* _Work task_
Print every record exactly, with nothing added or left out.

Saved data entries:
== == ==
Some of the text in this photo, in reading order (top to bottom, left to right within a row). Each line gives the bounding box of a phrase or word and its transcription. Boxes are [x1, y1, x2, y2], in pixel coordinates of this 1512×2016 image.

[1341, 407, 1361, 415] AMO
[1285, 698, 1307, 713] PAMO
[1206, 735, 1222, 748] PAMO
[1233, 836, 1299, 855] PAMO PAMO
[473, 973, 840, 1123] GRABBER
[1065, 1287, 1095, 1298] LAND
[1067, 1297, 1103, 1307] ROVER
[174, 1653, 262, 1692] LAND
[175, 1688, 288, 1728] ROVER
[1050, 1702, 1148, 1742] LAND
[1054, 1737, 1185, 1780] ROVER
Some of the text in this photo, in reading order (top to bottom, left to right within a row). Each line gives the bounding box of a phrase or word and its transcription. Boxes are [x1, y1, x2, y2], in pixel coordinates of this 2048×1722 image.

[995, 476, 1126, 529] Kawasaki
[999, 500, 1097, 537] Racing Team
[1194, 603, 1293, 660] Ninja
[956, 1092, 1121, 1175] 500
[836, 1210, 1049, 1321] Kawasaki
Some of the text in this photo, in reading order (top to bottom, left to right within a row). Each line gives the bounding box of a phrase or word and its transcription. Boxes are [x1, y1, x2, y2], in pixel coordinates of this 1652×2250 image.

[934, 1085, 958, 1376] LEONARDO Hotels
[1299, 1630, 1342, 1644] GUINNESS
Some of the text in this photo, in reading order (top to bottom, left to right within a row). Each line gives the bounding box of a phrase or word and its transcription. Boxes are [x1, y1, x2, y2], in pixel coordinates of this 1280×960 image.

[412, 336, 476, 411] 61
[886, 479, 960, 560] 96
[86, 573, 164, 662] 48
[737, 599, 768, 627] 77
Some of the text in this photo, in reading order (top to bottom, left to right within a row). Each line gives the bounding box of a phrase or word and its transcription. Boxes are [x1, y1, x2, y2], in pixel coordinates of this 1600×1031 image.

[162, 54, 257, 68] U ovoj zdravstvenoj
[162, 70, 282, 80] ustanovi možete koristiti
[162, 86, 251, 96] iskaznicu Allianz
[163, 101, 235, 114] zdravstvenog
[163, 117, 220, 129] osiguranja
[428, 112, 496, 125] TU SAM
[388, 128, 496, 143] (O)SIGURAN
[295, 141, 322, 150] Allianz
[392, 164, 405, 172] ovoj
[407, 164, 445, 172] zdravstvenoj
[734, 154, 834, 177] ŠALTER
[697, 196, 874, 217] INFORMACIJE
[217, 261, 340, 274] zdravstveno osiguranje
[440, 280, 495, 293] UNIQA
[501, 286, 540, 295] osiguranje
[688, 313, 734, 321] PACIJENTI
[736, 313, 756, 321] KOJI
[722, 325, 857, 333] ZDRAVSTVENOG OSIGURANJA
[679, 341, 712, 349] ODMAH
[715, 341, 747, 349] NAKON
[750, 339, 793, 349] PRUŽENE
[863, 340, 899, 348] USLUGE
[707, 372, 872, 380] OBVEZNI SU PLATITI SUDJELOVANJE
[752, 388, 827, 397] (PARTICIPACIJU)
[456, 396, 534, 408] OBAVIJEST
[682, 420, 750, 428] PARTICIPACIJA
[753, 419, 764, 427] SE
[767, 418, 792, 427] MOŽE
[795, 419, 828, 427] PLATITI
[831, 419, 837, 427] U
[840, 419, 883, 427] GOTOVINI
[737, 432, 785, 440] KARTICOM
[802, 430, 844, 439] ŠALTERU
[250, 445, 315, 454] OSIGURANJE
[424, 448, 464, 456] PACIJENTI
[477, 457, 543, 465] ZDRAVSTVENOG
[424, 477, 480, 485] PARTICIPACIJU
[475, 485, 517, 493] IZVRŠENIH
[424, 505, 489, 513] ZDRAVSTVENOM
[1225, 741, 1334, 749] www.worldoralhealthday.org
== == ==
* _The answer_
Some of the text in this photo, in reading order (top to bottom, left to right within a row). Each line gives the bounding box of a phrase or word and its transcription. Boxes are [x1, y1, x2, y2], in pixel coordinates of this 1512×2016 image.

[1341, 407, 1361, 415] AMO
[1285, 698, 1307, 713] PAMO
[1206, 735, 1222, 748] PAMO
[1233, 836, 1299, 855] PAMO PAMO
[473, 973, 840, 1123] GRABBER
[1065, 1287, 1095, 1298] LAND
[1067, 1297, 1103, 1307] ROVER
[174, 1653, 262, 1692] LAND
[175, 1688, 288, 1728] ROVER
[1050, 1702, 1148, 1742] LAND
[1054, 1737, 1185, 1780] ROVER
Some of the text in this photo, in reading order (top to bottom, left to right within a row). Each line gives the bounding box of a phrase or word and its transcription. Boxes are [x1, y1, x2, y2], in pixel coordinates of this 2048×1722 image.

[995, 476, 1126, 529] Kawasaki
[999, 500, 1097, 537] Racing Team
[1194, 603, 1293, 660] Ninja
[956, 1092, 1121, 1175] 500
[836, 1210, 1049, 1321] Kawasaki
Some of the text in this photo, in reading order (top to bottom, left to right within a row). Each line gives the bounding box of a phrase or word and its transcription. Boxes are [x1, y1, x2, y2], in pixel coordinates of this 1652×2250 image.

[934, 1085, 958, 1376] LEONARDO Hotels
[1299, 1630, 1342, 1644] GUINNESS
Some of the text in this photo, in reading order (top to bottom, left to right within a row). Each line gives the bounding box of a phrase or word and its transcription. Boxes are [x1, y1, x2, y2], in pixel coordinates of this 1280×960 image.

[412, 336, 476, 411] 61
[886, 479, 960, 560] 96
[86, 573, 164, 662] 48
[737, 599, 768, 627] 77
Some of the text in this photo, in reading order (top to bottom, left to right within a row). Each line gives the bounding box of a phrase or word and its transcription. Boxes are [x1, y1, x2, y2], in pixel coordinates of this 1600×1031 image.

[162, 54, 257, 68] U ovoj zdravstvenoj
[162, 70, 282, 80] ustanovi možete koristiti
[162, 86, 251, 96] iskaznicu Allianz
[163, 101, 235, 114] zdravstvenog
[163, 117, 220, 129] osiguranja
[428, 112, 496, 125] TU SAM
[388, 128, 496, 143] (O)SIGURAN
[295, 141, 322, 150] Allianz
[392, 164, 405, 172] ovoj
[407, 164, 445, 172] zdravstvenoj
[734, 154, 834, 177] ŠALTER
[697, 196, 874, 217] INFORMACIJE
[217, 261, 340, 274] zdravstveno osiguranje
[440, 280, 495, 293] UNIQA
[501, 286, 540, 295] osiguranje
[688, 313, 734, 321] PACIJENTI
[736, 313, 756, 321] KOJI
[722, 325, 857, 333] ZDRAVSTVENOG OSIGURANJA
[679, 341, 712, 349] ODMAH
[715, 341, 747, 349] NAKON
[750, 339, 793, 349] PRUŽENE
[863, 340, 899, 348] USLUGE
[707, 372, 872, 380] OBVEZNI SU PLATITI SUDJELOVANJE
[752, 388, 827, 397] (PARTICIPACIJU)
[456, 396, 534, 408] OBAVIJEST
[682, 420, 750, 428] PARTICIPACIJA
[753, 419, 764, 427] SE
[767, 418, 792, 427] MOŽE
[795, 419, 828, 427] PLATITI
[831, 419, 837, 427] U
[840, 419, 883, 427] GOTOVINI
[737, 432, 785, 440] KARTICOM
[802, 430, 844, 439] ŠALTERU
[250, 445, 315, 454] OSIGURANJE
[424, 448, 464, 456] PACIJENTI
[477, 457, 543, 465] ZDRAVSTVENOG
[424, 477, 480, 485] PARTICIPACIJU
[475, 485, 517, 493] IZVRŠENIH
[424, 505, 489, 513] ZDRAVSTVENOM
[1225, 741, 1334, 749] www.worldoralhealthday.org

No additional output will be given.